_What is being asked:_
Once every line in the data below has been checked for "WARNING", give the number of lines that hold it, and only that.

::: Task inputs :::

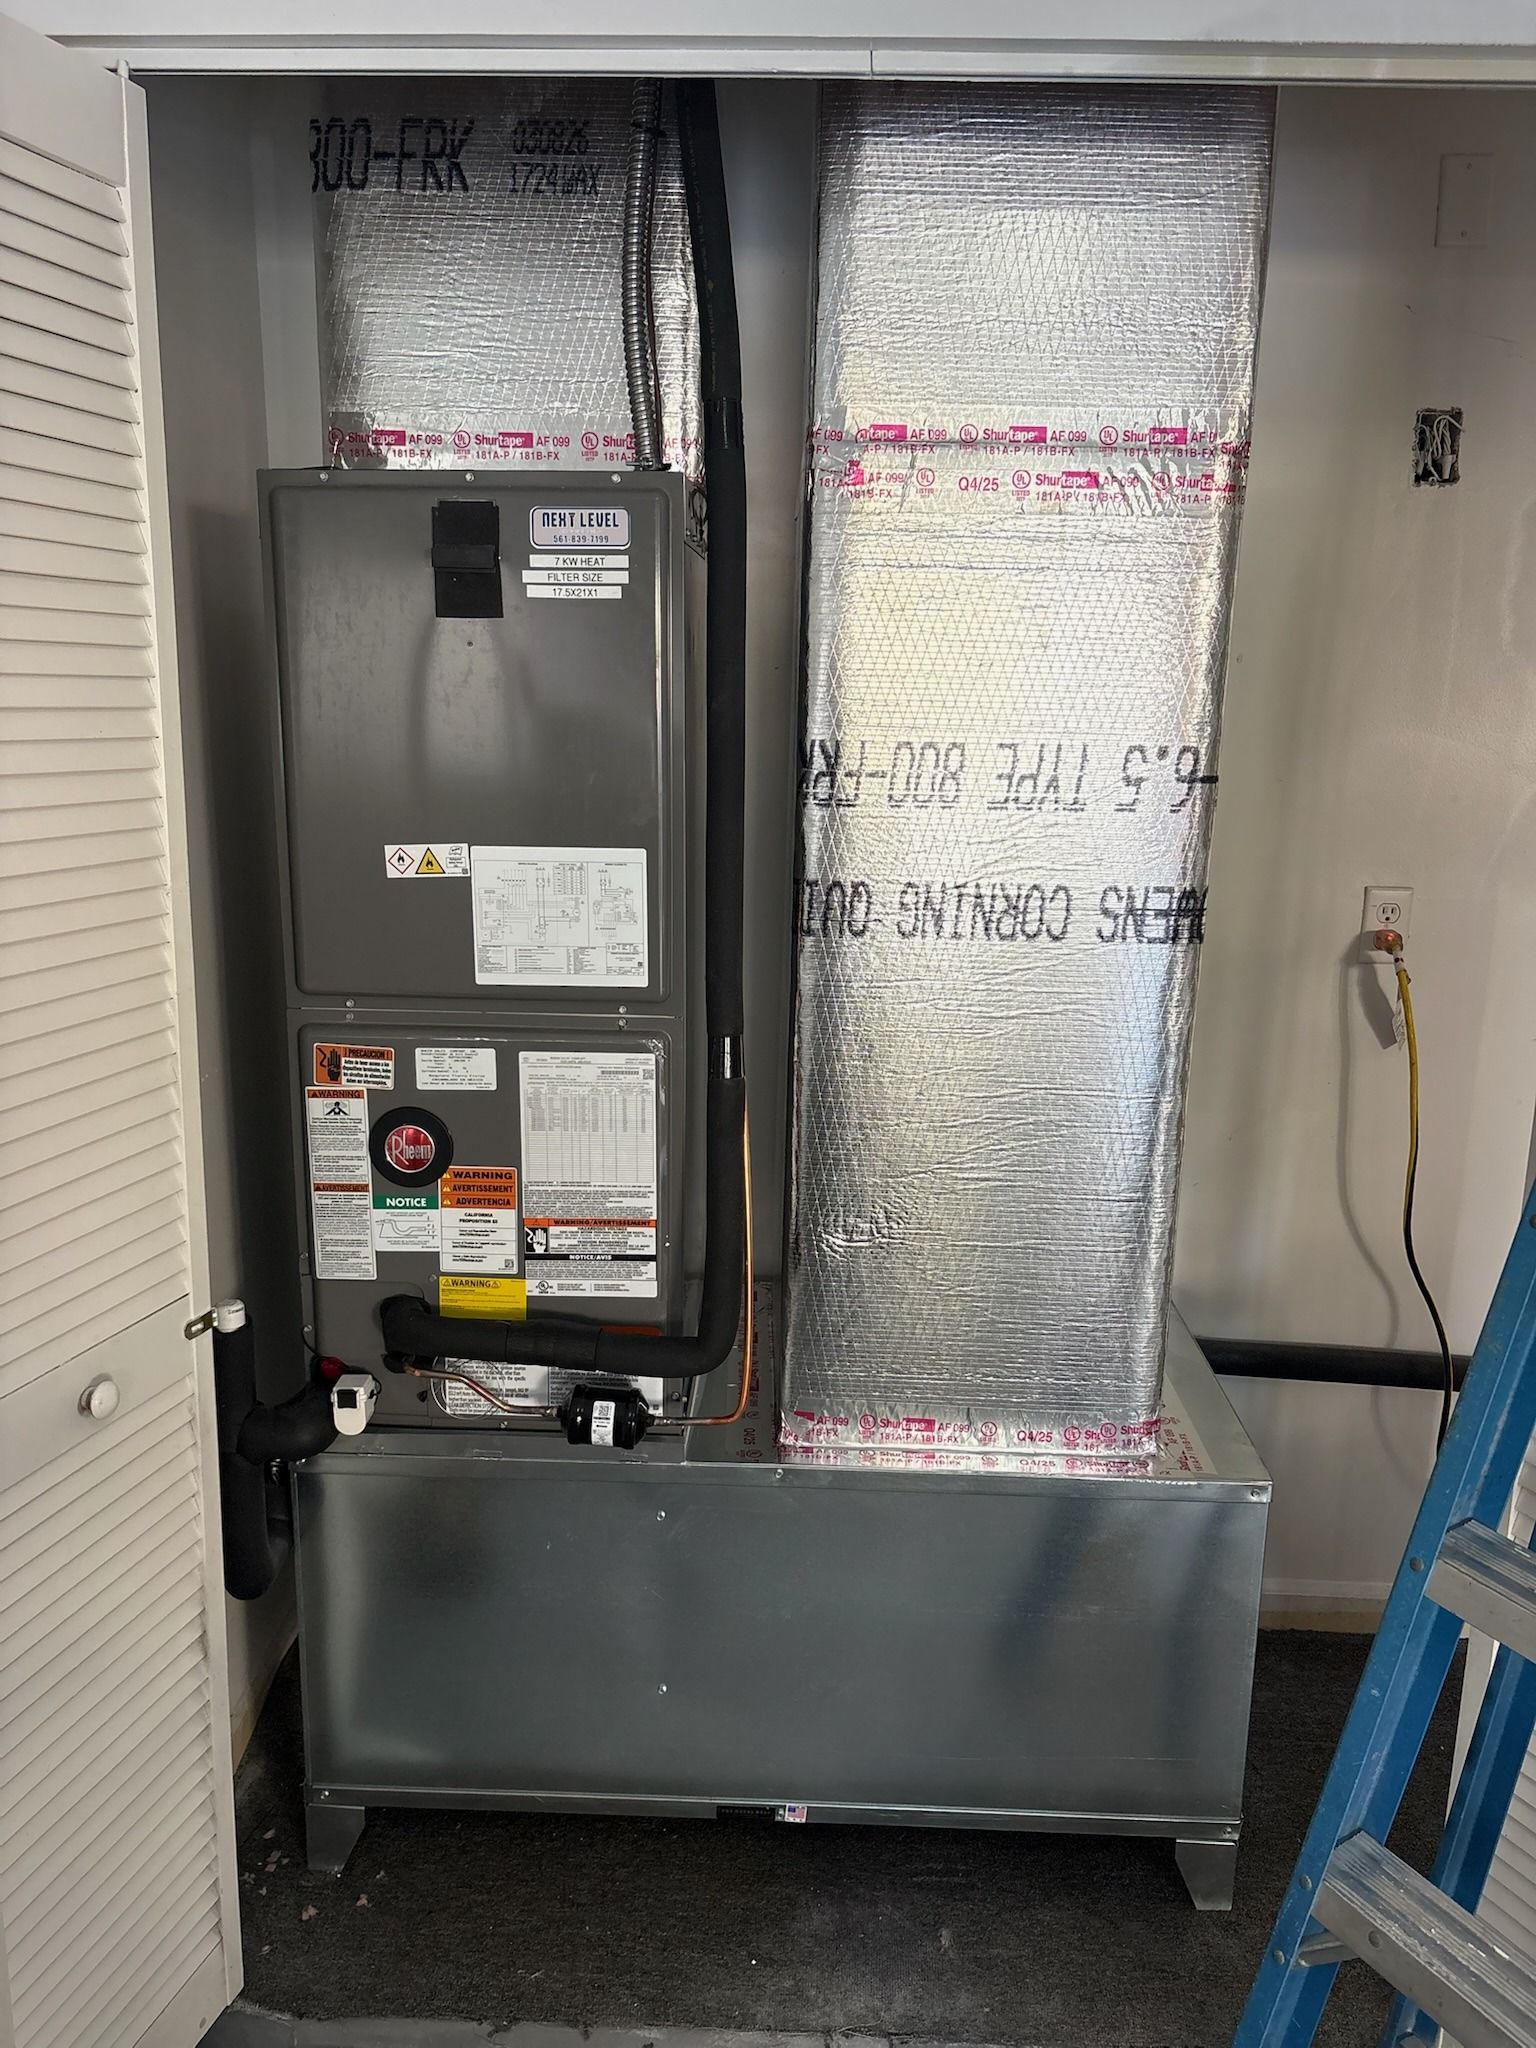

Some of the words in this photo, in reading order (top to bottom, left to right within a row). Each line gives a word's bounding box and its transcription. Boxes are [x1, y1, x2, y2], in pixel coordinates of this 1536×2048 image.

[409, 434, 424, 445] AF
[425, 434, 443, 446] 099
[910, 429, 925, 440] AF
[983, 426, 1047, 443] Shurtape
[1050, 430, 1066, 442] AF
[1068, 430, 1087, 442] 099
[1122, 427, 1188, 445] Shurtape
[475, 432, 534, 449] Shurtape
[536, 436, 550, 447] AF
[552, 436, 570, 447] 099
[477, 450, 510, 460] 181A-P
[520, 451, 560, 461] 181B-FX
[984, 446, 1020, 456] 181A-P
[1031, 446, 1075, 456] 181B-FX
[885, 472, 904, 483] 099
[1035, 471, 1099, 489] Shurtape
[958, 476, 1000, 492] Q4/25
[542, 512, 576, 528] NEXT
[580, 512, 619, 528] LEVEL
[555, 557, 560, 567] 7
[562, 557, 578, 567] KW
[580, 557, 606, 567] HEAT
[547, 572, 580, 582] FILTER
[582, 572, 603, 582] SIZE
[552, 588, 598, 598] 17.5X21X1
[986, 743, 1088, 811] TYPE
[898, 880, 1075, 944] CORNING
[319, 1090, 360, 1098] WARNING
[389, 1129, 433, 1166] Rheem
[453, 1170, 513, 1181] WARNING
[453, 1183, 513, 1193] AVERTISSEMENT
[386, 1197, 427, 1207] NOTICE
[455, 1197, 512, 1206] ADVERTENCIA
[553, 1219, 651, 1227] WARNING/AVERTISSEMENT
[451, 1279, 491, 1288] WARNING
[816, 1416, 831, 1425] AF
[832, 1416, 849, 1427] 099
[879, 1418, 936, 1432] Shurtape
[938, 1423, 951, 1432] AF
[953, 1423, 970, 1433] 099
[880, 1432, 912, 1441] 181A-P
[1017, 1430, 1053, 1443] Q4/25

:::

_Result:_
4